Al alcanzar la madurez, Anthony (Fredric March) entra como aprendiz del comerciante John Bonnyfeather, quien descubre que el joven es en realidad su nieto pero decide mantener el secreto para proteger su honor. Durante este periodo, Anthony se enamora de Angela Giuseppe (Olivia de Havilland), la hija del cocinero de Bonnyfeather. Sin embargo, el destino los separa cruelmente cuando un malentendido provocado por una nota extraviada hace que ambos crean que el otro los ha abandonado. Mientras Angela busca el éxito como cantante de ópera, Anthony parte hacia ultramar para reclamar una herencia.

Las aventuras de Anthony lo llevan a La Habana y África, donde se ve involucrado en el comercio de esclavos durante tres años, una experiencia que corrompe su carácter. En este sombrío capítulo de su vida, se vuelve amargado y cínico, manteniendo una relación con la seductora Neleta. Es a través de la influencia y el sacrificio de su amigo, el Hermano François, que Anthony encuentra la redención espiritual y decide abandonar el tráfico de personas para regresar a Europa. Tras la muerte de Bonnyfeather, descubre que su herencia ha sido usurpada por la intrigante Faith Paleologus y Don Luis.
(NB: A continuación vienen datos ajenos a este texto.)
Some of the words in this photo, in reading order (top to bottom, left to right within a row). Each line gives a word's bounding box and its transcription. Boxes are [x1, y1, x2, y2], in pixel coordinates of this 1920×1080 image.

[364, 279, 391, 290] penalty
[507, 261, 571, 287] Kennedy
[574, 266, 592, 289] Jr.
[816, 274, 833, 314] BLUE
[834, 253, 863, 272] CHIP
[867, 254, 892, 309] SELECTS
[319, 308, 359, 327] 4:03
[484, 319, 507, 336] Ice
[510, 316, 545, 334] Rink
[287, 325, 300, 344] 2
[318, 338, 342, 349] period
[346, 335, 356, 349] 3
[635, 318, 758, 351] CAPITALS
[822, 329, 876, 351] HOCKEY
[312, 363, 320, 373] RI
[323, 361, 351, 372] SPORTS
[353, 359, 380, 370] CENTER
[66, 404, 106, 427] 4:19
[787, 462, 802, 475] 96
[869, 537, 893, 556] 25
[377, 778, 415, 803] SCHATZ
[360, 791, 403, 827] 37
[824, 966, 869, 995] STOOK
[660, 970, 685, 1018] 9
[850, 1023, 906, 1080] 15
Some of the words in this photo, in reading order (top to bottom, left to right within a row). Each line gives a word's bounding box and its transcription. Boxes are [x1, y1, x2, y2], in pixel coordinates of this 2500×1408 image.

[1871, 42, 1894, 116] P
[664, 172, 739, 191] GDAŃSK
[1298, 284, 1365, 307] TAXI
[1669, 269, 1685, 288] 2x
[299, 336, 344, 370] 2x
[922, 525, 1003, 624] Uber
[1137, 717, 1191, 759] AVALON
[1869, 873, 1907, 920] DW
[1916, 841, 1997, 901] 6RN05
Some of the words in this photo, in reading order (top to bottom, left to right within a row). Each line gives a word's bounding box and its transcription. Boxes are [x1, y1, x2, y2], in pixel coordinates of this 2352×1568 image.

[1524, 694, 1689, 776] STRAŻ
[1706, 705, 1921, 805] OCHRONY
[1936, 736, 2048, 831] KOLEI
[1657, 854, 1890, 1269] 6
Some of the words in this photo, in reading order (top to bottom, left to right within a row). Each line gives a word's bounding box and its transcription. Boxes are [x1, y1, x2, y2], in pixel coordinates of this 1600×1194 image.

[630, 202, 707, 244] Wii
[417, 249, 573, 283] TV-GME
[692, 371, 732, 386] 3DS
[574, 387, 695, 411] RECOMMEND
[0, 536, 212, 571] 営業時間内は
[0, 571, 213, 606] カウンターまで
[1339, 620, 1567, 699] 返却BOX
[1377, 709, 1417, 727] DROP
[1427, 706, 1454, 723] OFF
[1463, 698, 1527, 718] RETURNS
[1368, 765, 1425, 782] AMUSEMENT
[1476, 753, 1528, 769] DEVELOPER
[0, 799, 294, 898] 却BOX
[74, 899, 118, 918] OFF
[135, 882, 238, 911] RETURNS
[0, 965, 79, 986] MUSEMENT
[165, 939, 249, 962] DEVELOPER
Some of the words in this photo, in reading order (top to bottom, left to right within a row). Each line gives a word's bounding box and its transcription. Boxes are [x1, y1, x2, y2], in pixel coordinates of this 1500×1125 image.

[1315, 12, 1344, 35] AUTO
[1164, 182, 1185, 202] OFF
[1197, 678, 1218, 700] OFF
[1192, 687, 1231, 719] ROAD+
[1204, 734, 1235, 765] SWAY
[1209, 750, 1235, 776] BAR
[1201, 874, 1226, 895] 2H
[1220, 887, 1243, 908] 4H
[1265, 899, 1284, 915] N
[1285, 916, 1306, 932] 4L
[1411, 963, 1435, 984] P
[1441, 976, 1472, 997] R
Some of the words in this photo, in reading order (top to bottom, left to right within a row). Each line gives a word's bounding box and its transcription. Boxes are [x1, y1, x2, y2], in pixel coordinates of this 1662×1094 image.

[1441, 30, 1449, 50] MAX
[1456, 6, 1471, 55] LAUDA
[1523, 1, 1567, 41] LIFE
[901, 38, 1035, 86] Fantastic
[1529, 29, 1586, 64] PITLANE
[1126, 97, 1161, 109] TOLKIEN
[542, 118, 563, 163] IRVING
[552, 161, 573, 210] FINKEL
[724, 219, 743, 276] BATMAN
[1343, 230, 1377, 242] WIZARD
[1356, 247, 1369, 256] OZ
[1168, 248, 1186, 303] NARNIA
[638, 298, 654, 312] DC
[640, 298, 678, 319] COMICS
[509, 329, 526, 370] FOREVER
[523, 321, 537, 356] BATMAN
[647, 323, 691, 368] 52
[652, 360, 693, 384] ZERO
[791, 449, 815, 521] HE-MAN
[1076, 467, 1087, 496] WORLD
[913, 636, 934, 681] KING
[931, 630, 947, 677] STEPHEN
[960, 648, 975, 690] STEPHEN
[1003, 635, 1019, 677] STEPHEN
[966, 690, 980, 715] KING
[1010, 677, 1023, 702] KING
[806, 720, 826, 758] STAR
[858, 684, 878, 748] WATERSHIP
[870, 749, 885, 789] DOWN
En París, Anthony finalmente se reúne con Angela, descubriendo que ella ha tenido un hijo suyo, pero también que se ha convertido en la famosa cantante Mademoiselle Georges y amante de Napoleón Bonaparte. El encuentro es agridulce; aunque ella todavía lo ama, su vida actual le impide unirse a él. Anthony decide entonces partir hacia América con su hijo en busca de una vida mejor y más libre. La película concluye con una nota de patetismo y esperanza mientras ambos se preparan para su futuro en el Nuevo Mundo.

El filme destaca por sus altos valores de producción, incluyendo el diseño de decorados de Anton Grot. En la novena edición de los Premios de la Academia, la película recibió siete nominaciones y ganó cuatro estatuillas. Entre los hitos históricos se encuentra el primer Oscar a la Mejor Actriz de Reparto, otorgado a Gale Sondergaard por su interpretación de la villana Faith Paleologus. Sondergaard, quien era una desconocida para el gran público cinematográfico en ese momento, fue elegida por LeRoy debido a la fascinación que le causaba su rostro.

Un elemento fundamental que eleva la narrativa es la partitura de Erich Wolfgang Korngold, considerada una obra maestra de la Edad de Oro de Hollywood. Korngold concibió la música de forma operística, utilizando leitmotivs complejos para identificar a cada personaje y sus emociones. La banda sonora ganó el Oscar a la Mejor Partitura Original, consolidando a Korngold como uno de los compositores más influyentes de la industria tras su éxito previo con Captain Blood. Esta música no solo acompaña las imágenes, sino que otorga una profundidad emocional que compensa los saltos episódicos del guion.

Aunque Anthony Adverse fue un éxito masivo en su estreno, su reputación ha decaído con el tiempo, siendo calificada actualmente con apenas un 18% en Rotten Tomatoes. La crítica moderna y algunos estudiosos contemporáneos señalan que la película sufre por su excesiva duración y estructura episódica, perdiendo gran parte de la cohesión picaresca y la profundidad espiritual de la novela original. Fredric March ofrece una interpretación que algunos tildan de "tediosamente noble", mientras que el filme evita castigar las malas acciones de personajes villanos según el código de producción de la época. A pesar de estas fallas narrativas, sigue siendo una pieza técnica fundamental del cine clásico por la inolvidable banda sonora de Korngold y la icónica presencia de Gale Sondergaard, representando el gigantismo de las superproducciones del Hollywood de los años 30.

Película estrenada en Madrid el 1 de diciembre de 1947 en el cine Capitol.

Reparto: Fredric March, Olivia de Havilland, Donald Woods, Anita Louise, Edmund Gwenn, Claude Rains, Louis Hayward,Gale Sondergaard, Steffi Duna, Akim Tamiroff.